On conserve au British
Museum de Londres une mappemonde japonaise
qui paraît avoir été faite vers la fin du XVIIe
siècle. L'auteur s'est évidemment
servi pour la dresser de quelque carte européenne; cependant il
faut qu'il se soit attaché à ne pas copier exactement, ou
qu'il ait cru rectifier les renseignements qu'il consultait, puisqu'elle
diffère d'une manière essentielle des cartes occidentales.
Un grand continent qui s'avance à peu de distance de l'Afrique ,
de l'Asie
et de l'Amérique ,
occupe le bas ou la partie la plus méridionale de cette mappemonde;
une presqu'île de ce continent, qui s'avance vers l'équateur,
paraît représenter l'Australie. En Europe ,
la péninsule italique n'a ni la forme ni les dimensions qu'elle
présente sur les cartes européennes; la Hollande ,
qui porte le surnom de pays des poils rouges, y est représentée
comme la contrée la plus vaste de cette partie du monde, probablement
par suite de la haute idée de puissance que les Chinois et les Japonais
avaient des Hollandais à l'époque où cette carte fut
faite. L'Afrique, étroite et très allongée, est représentée
comme un assemblage de grandes îles et de grandes presqu'îles.
En Asie, le Ta-ta-koue, ou pays des Tatars ,
est situé à l'est de la Sibérie
et s'étend depuis le désert de Chamo jusqu'à l'Océan
glacial; l'Amérique est le continent dont la représentation
est la moins fautive dans son ensemble.
Les géographes
japonais ont mieux réussi dans la représentation de leur
propre pays. J. Klaproth, dans ses mémoires
relatifs à l'Asie, donne quelques éclaircissements sur une
carte chinoise et japonaise fort curieuse dont il présente une copie.
Cette carte confirme ce que nous avons dit
ci-dessus relativement à l'ignorance dans laquelle les Chinois sont
tombés sous le rapport de la géographie, depuis qu'ils n'ont
plus la prépondérance dont ils jouissaient en Asie sous la
dynastie mongole. Quoiqu'elle porte un titre écrit en chinois et
en japonais, et qu'elle soit cependant bien japonaise, Klaproth a reconnu,
à la nature des mesures itinéraires qui y sont employées,
qu'elle a été copiée d'après une carte chinoise.
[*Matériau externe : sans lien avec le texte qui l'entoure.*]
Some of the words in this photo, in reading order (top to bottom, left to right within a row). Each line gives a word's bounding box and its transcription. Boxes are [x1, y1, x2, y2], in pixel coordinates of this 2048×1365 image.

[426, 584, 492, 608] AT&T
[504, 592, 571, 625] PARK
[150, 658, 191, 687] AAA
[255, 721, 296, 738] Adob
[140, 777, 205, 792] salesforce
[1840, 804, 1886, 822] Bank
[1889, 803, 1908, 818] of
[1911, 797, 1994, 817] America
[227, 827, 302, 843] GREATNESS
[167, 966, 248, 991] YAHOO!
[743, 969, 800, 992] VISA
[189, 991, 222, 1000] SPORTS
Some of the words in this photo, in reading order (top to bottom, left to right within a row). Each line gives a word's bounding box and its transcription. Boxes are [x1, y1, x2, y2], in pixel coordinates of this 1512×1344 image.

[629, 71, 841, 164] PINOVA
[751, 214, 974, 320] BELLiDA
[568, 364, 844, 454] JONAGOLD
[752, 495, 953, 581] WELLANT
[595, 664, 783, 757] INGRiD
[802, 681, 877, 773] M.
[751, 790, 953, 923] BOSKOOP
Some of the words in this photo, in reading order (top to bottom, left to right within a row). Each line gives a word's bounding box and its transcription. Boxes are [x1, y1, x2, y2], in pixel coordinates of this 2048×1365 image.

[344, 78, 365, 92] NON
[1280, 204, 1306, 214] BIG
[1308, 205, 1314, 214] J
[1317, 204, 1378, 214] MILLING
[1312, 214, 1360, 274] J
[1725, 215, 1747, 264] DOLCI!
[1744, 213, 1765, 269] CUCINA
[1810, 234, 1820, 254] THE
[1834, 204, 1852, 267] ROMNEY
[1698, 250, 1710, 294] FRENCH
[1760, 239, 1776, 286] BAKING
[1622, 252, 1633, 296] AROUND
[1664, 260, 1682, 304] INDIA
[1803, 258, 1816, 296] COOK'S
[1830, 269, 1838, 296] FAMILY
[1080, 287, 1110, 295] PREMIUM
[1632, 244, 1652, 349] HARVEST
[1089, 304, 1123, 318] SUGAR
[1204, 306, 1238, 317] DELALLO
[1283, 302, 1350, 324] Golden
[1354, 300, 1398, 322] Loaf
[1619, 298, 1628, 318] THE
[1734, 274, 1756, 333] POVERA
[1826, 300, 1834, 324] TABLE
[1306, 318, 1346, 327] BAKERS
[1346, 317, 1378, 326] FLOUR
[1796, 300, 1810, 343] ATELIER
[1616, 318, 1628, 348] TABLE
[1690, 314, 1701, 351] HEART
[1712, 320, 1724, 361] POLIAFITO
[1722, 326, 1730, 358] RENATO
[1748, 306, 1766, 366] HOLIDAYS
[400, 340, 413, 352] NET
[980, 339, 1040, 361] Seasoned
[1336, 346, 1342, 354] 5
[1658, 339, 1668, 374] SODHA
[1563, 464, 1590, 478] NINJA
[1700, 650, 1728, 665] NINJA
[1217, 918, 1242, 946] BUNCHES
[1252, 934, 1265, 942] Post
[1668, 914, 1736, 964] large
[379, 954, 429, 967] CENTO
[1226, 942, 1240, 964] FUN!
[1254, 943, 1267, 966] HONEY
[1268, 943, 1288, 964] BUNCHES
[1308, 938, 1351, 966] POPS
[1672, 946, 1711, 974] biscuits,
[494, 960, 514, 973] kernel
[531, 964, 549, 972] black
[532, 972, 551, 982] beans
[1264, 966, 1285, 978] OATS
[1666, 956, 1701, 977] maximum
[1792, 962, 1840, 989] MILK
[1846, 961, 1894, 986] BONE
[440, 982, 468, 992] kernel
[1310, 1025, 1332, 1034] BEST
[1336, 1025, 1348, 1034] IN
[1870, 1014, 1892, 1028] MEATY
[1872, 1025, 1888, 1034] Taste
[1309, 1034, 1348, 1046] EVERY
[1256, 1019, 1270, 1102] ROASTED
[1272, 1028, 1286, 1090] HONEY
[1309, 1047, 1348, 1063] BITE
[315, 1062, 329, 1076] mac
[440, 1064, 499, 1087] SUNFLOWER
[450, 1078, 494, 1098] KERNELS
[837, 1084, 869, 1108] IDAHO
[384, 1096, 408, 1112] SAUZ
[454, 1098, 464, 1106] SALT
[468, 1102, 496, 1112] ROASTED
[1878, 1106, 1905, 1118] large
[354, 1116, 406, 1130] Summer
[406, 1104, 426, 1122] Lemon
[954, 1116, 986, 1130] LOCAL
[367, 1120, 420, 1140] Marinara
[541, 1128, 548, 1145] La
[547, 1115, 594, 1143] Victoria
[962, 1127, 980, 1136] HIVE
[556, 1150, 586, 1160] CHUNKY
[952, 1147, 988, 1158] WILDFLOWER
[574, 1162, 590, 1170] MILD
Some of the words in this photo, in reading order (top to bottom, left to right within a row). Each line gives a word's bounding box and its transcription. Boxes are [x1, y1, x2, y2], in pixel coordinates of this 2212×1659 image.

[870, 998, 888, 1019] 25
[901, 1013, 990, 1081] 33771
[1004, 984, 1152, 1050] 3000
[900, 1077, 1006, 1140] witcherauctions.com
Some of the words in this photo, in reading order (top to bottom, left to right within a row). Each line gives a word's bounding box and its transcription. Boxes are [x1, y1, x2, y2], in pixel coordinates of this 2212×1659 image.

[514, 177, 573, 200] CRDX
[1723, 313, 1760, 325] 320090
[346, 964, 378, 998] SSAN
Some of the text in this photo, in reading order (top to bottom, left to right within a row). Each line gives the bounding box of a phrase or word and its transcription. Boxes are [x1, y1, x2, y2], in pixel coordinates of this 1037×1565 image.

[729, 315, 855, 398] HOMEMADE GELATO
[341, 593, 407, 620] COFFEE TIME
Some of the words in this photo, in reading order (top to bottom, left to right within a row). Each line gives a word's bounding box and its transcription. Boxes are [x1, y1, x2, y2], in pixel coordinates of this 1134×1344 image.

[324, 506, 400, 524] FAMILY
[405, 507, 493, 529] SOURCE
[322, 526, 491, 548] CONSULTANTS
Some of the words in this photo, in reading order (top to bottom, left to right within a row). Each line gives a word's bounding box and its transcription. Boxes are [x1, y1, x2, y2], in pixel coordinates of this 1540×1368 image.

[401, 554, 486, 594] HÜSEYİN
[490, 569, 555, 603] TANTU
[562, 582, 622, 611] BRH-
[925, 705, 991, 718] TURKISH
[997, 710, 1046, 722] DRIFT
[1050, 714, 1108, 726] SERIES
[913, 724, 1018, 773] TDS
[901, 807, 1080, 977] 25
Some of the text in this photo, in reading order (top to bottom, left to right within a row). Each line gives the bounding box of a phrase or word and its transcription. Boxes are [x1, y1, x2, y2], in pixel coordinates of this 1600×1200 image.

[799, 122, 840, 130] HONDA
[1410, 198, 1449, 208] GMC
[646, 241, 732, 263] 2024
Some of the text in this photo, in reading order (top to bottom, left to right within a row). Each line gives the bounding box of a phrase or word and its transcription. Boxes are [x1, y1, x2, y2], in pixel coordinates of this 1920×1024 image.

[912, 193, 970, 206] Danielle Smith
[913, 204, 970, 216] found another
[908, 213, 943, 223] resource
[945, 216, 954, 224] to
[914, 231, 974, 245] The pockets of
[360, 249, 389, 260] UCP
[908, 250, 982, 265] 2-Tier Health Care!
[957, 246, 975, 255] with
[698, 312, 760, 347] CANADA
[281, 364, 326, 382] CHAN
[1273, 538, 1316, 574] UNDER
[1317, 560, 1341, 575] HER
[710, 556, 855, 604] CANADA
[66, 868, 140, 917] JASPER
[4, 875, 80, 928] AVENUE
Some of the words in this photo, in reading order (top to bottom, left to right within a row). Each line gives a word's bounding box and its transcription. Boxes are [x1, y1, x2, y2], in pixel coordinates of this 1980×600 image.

Elle doit avoir été faite au XVe
siècle, mais d'après des
matériaux dont plusieurs datent du VIIe,
et qui prouvent qu'à cette époque les Chinois
connaissaient assez bien le centre de l'Asie et même l'Inde. On cite
aussi une grande carte du Japon ,
réimprimée avec corrections en 1744,
qui passe pour un beau monument géographique ; un atlas de cinq
cartes publiées à Yedo (Tokyo )
en 1785,
comprenant la description générale des pays voisins du Japon
celle de Yeso (Hokkaïdo), de la Corée ,
des îles Lieou -khieou, Madjikosima et Taïwan, enfin d'un groupe
d'îles appelées en Japonais Bo-nin Sima, ou îles inhabitées,
nom qu'ils donnaient depuis longtemps à ces îles. (C.